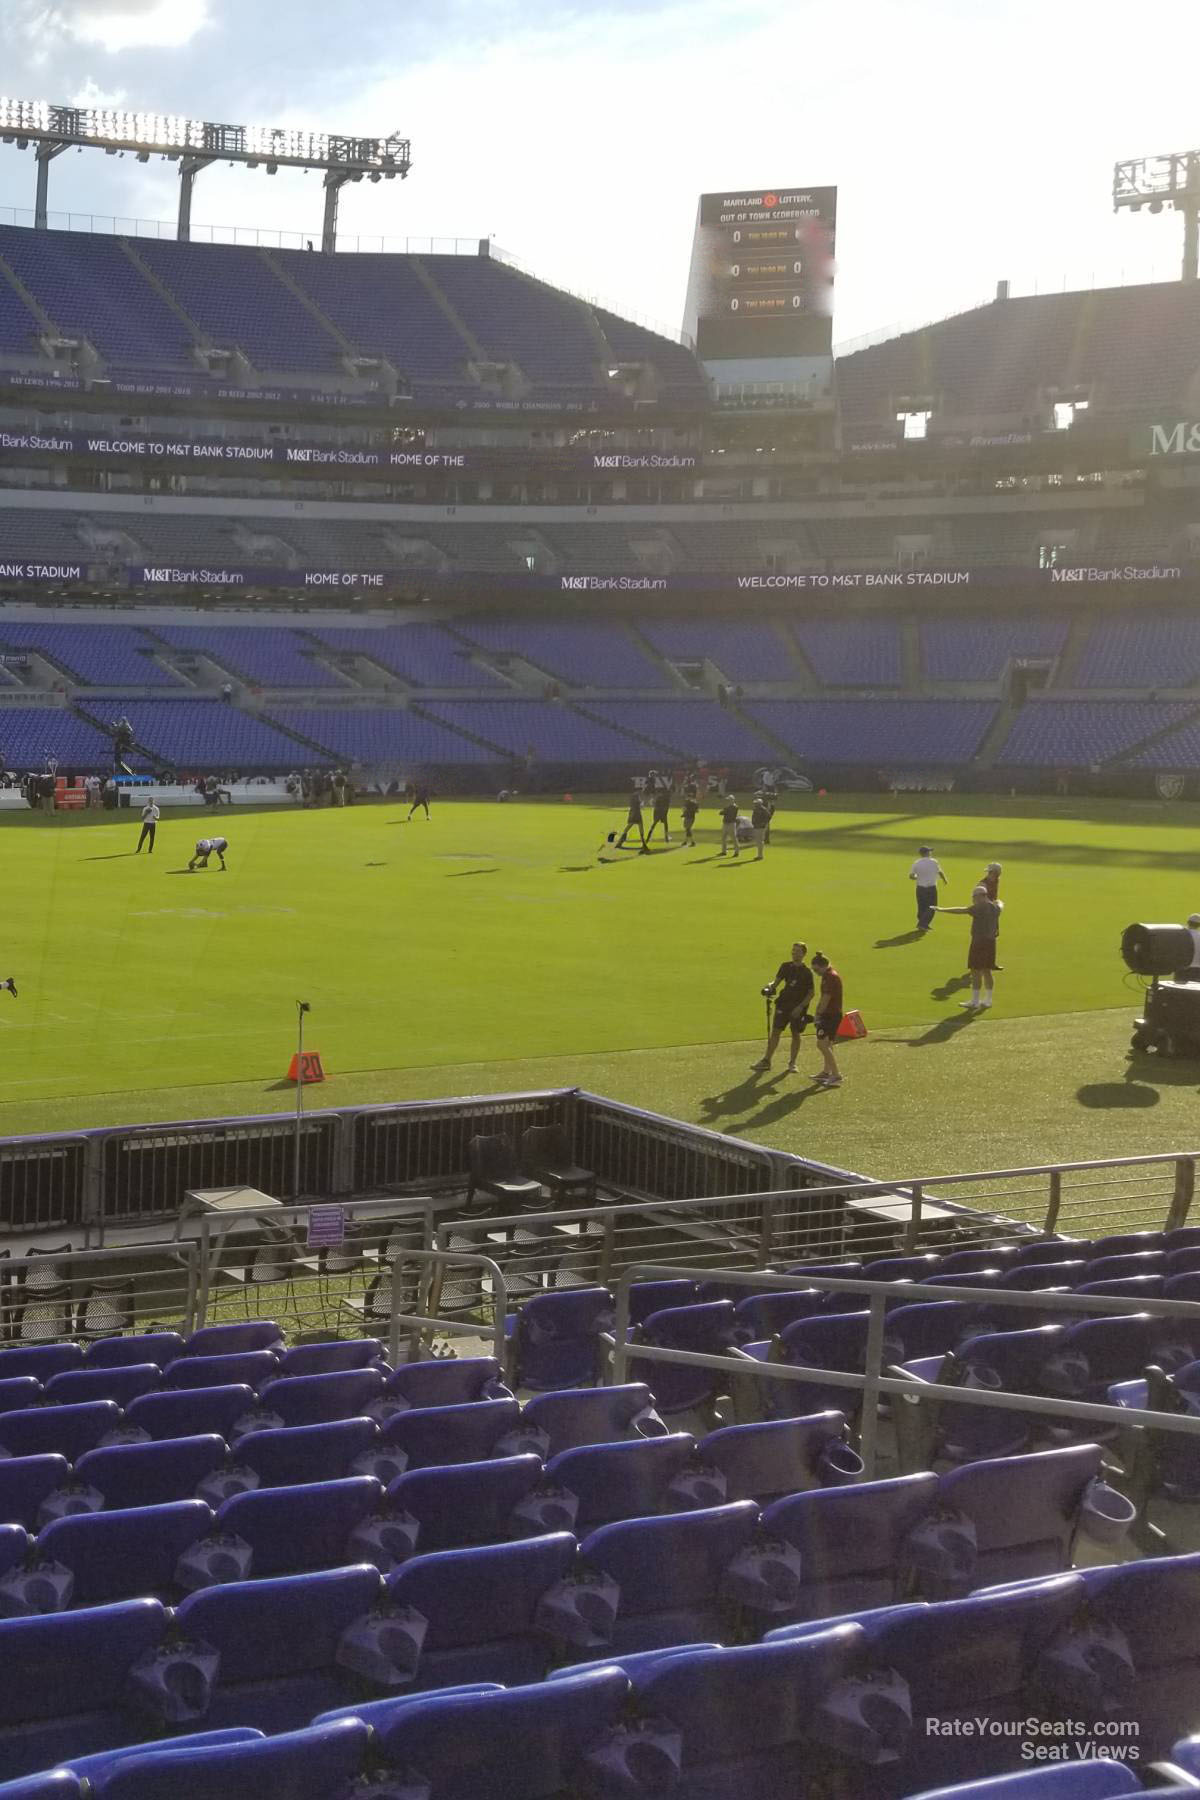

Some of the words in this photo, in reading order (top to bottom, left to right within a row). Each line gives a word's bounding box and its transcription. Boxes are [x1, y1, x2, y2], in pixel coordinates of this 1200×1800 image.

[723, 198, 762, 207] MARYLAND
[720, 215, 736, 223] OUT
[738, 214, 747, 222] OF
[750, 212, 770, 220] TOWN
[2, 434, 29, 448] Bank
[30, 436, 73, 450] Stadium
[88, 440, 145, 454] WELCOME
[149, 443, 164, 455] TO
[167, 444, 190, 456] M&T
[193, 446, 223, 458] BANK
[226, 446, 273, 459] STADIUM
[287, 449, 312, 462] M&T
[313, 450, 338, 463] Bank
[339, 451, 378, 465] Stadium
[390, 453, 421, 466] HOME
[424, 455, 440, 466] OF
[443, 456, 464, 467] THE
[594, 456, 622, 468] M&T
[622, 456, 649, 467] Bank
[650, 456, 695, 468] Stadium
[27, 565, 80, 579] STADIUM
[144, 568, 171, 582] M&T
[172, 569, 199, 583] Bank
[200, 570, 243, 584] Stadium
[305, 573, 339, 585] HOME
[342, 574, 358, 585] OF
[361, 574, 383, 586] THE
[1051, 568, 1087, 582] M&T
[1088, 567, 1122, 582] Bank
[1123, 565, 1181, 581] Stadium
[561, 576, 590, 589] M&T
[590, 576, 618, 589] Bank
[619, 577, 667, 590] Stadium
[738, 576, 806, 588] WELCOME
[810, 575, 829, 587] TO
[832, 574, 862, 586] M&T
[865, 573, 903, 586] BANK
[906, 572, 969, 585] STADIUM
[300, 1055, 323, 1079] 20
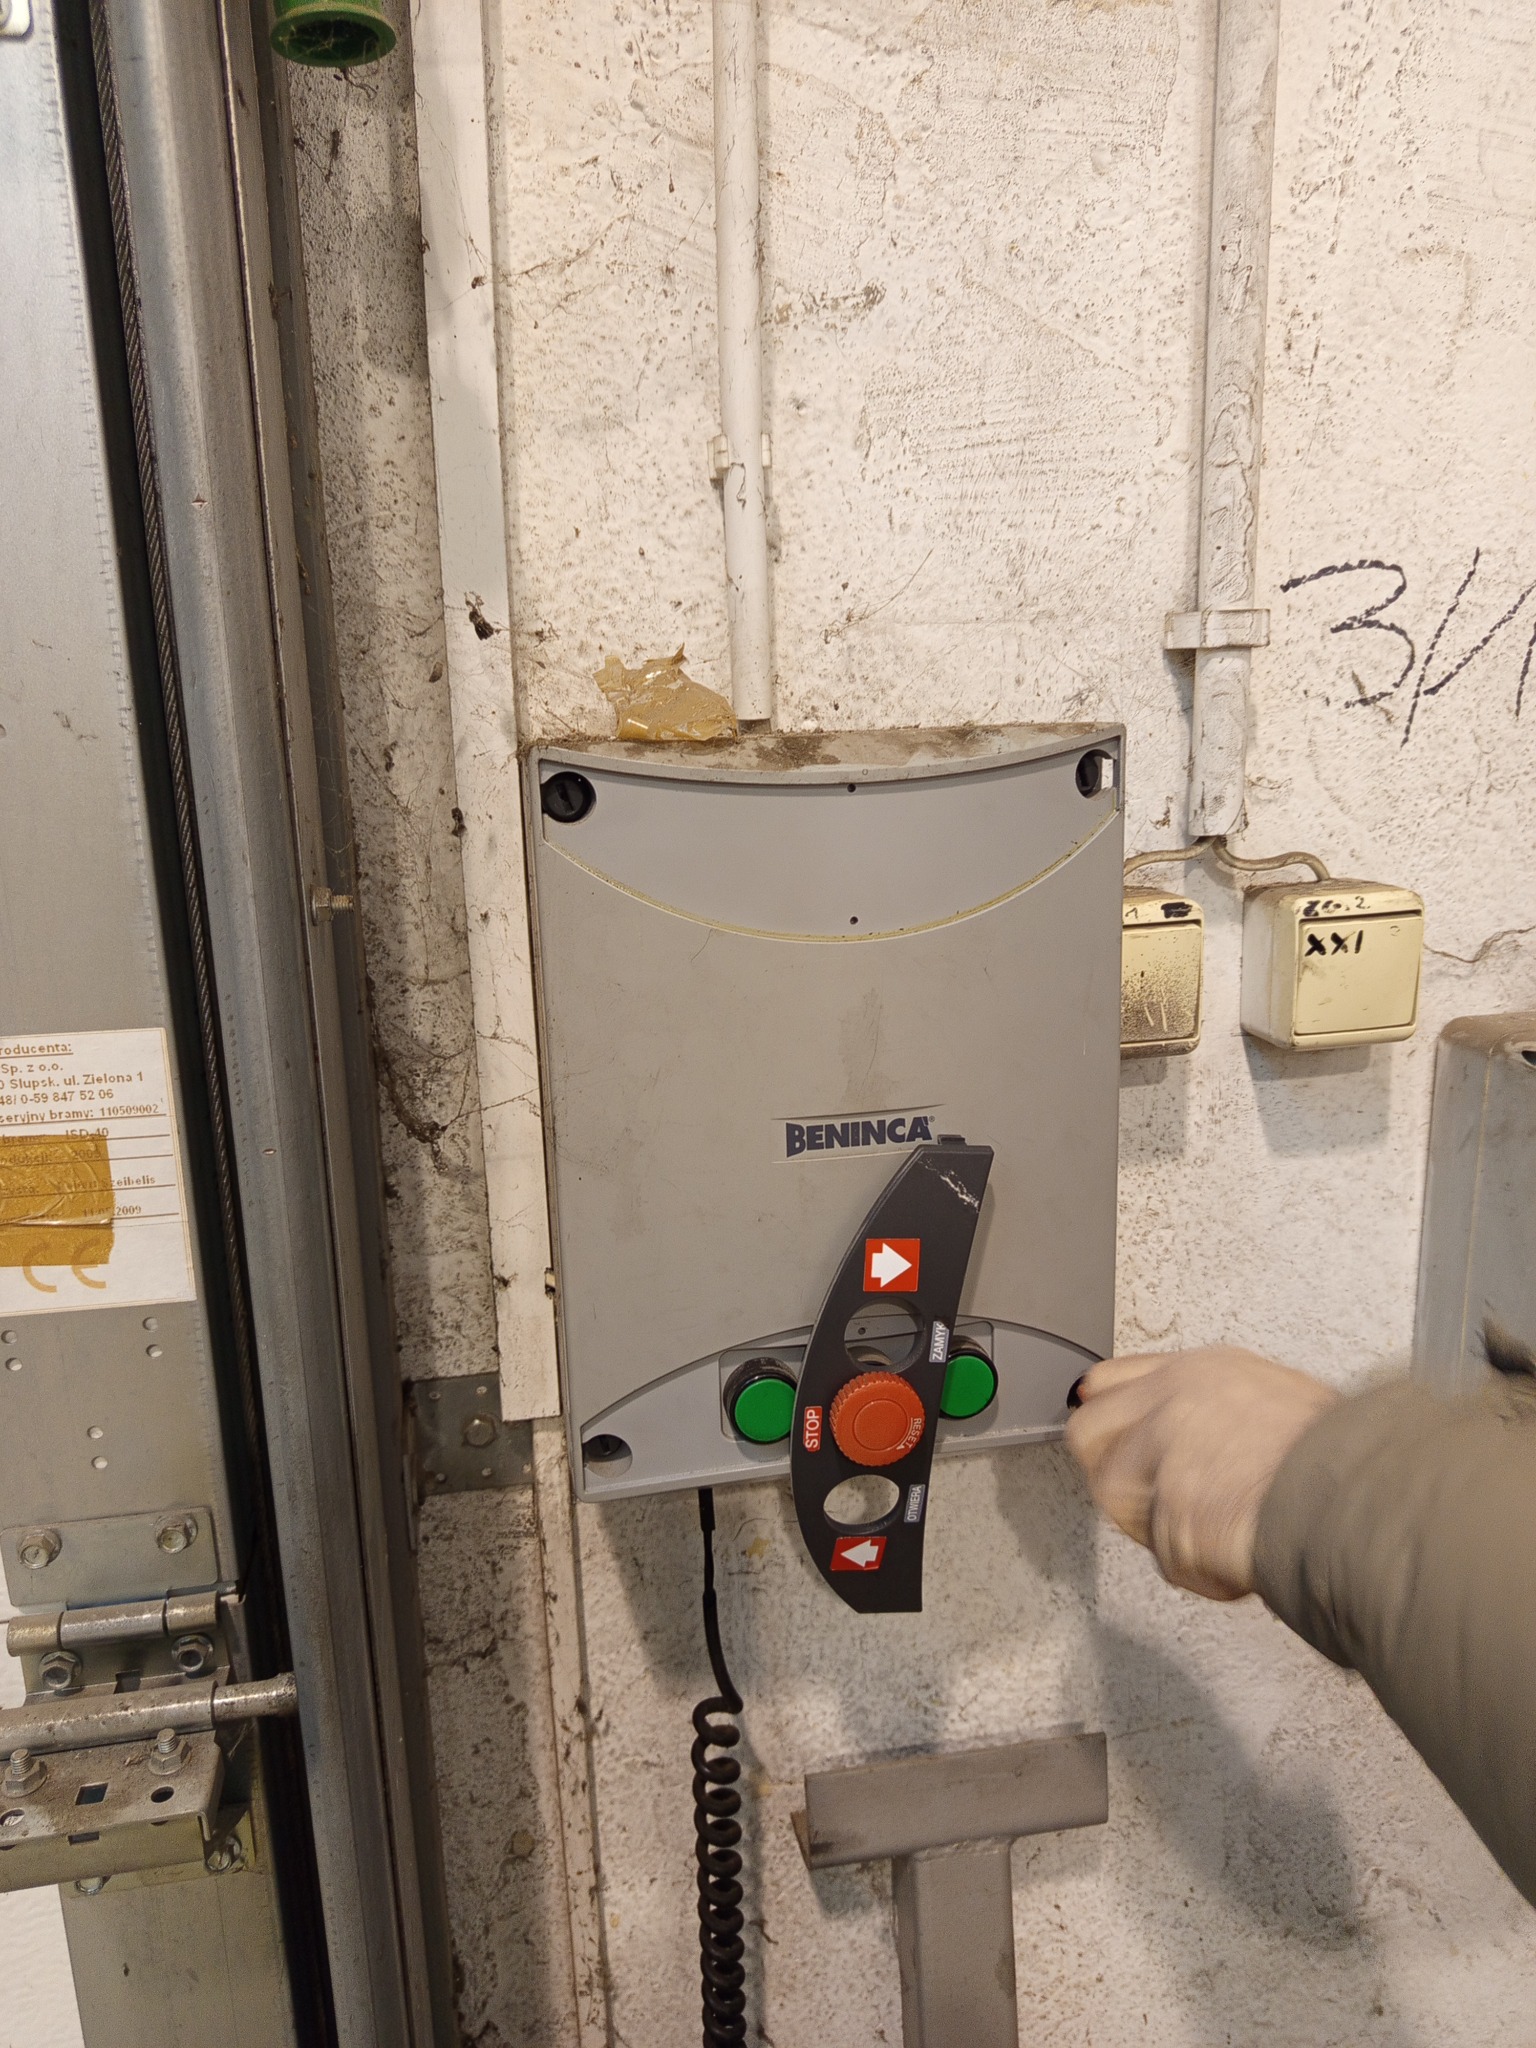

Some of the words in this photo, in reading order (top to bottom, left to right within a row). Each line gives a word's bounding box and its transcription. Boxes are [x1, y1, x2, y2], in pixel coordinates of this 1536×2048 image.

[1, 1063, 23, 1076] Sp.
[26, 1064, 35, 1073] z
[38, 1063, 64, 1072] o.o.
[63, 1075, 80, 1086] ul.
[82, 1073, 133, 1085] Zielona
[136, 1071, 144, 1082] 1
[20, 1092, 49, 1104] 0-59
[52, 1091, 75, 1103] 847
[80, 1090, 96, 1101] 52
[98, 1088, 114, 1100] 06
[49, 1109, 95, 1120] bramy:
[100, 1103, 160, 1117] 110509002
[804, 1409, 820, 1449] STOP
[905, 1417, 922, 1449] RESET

__________________________________________________

◆ **Task requirements**:
Output each entry above word for word. The pictures stay out.

◆ **Exercise response**:
Some of the words in this photo, in reading order (top to bottom, left to right within a row). Each line gives a word's bounding box and its transcription. Boxes are [x1, y1, x2, y2], in pixel coordinates of this 1200×1800 image.

[723, 198, 762, 207] MARYLAND
[720, 215, 736, 223] OUT
[738, 214, 747, 222] OF
[750, 212, 770, 220] TOWN
[2, 434, 29, 448] Bank
[30, 436, 73, 450] Stadium
[88, 440, 145, 454] WELCOME
[149, 443, 164, 455] TO
[167, 444, 190, 456] M&T
[193, 446, 223, 458] BANK
[226, 446, 273, 459] STADIUM
[287, 449, 312, 462] M&T
[313, 450, 338, 463] Bank
[339, 451, 378, 465] Stadium
[390, 453, 421, 466] HOME
[424, 455, 440, 466] OF
[443, 456, 464, 467] THE
[594, 456, 622, 468] M&T
[622, 456, 649, 467] Bank
[650, 456, 695, 468] Stadium
[27, 565, 80, 579] STADIUM
[144, 568, 171, 582] M&T
[172, 569, 199, 583] Bank
[200, 570, 243, 584] Stadium
[305, 573, 339, 585] HOME
[342, 574, 358, 585] OF
[361, 574, 383, 586] THE
[1051, 568, 1087, 582] M&T
[1088, 567, 1122, 582] Bank
[1123, 565, 1181, 581] Stadium
[561, 576, 590, 589] M&T
[590, 576, 618, 589] Bank
[619, 577, 667, 590] Stadium
[738, 576, 806, 588] WELCOME
[810, 575, 829, 587] TO
[832, 574, 862, 586] M&T
[865, 573, 903, 586] BANK
[906, 572, 969, 585] STADIUM
[300, 1055, 323, 1079] 20

Some of the words in this photo, in reading order (top to bottom, left to right within a row). Each line gives a word's bounding box and its transcription. Boxes are [x1, y1, x2, y2], in pixel coordinates of this 1536×2048 image.

[1, 1063, 23, 1076] Sp.
[26, 1064, 35, 1073] z
[38, 1063, 64, 1072] o.o.
[63, 1075, 80, 1086] ul.
[82, 1073, 133, 1085] Zielona
[136, 1071, 144, 1082] 1
[20, 1092, 49, 1104] 0-59
[52, 1091, 75, 1103] 847
[80, 1090, 96, 1101] 52
[98, 1088, 114, 1100] 06
[49, 1109, 95, 1120] bramy:
[100, 1103, 160, 1117] 110509002
[804, 1409, 820, 1449] STOP
[905, 1417, 922, 1449] RESET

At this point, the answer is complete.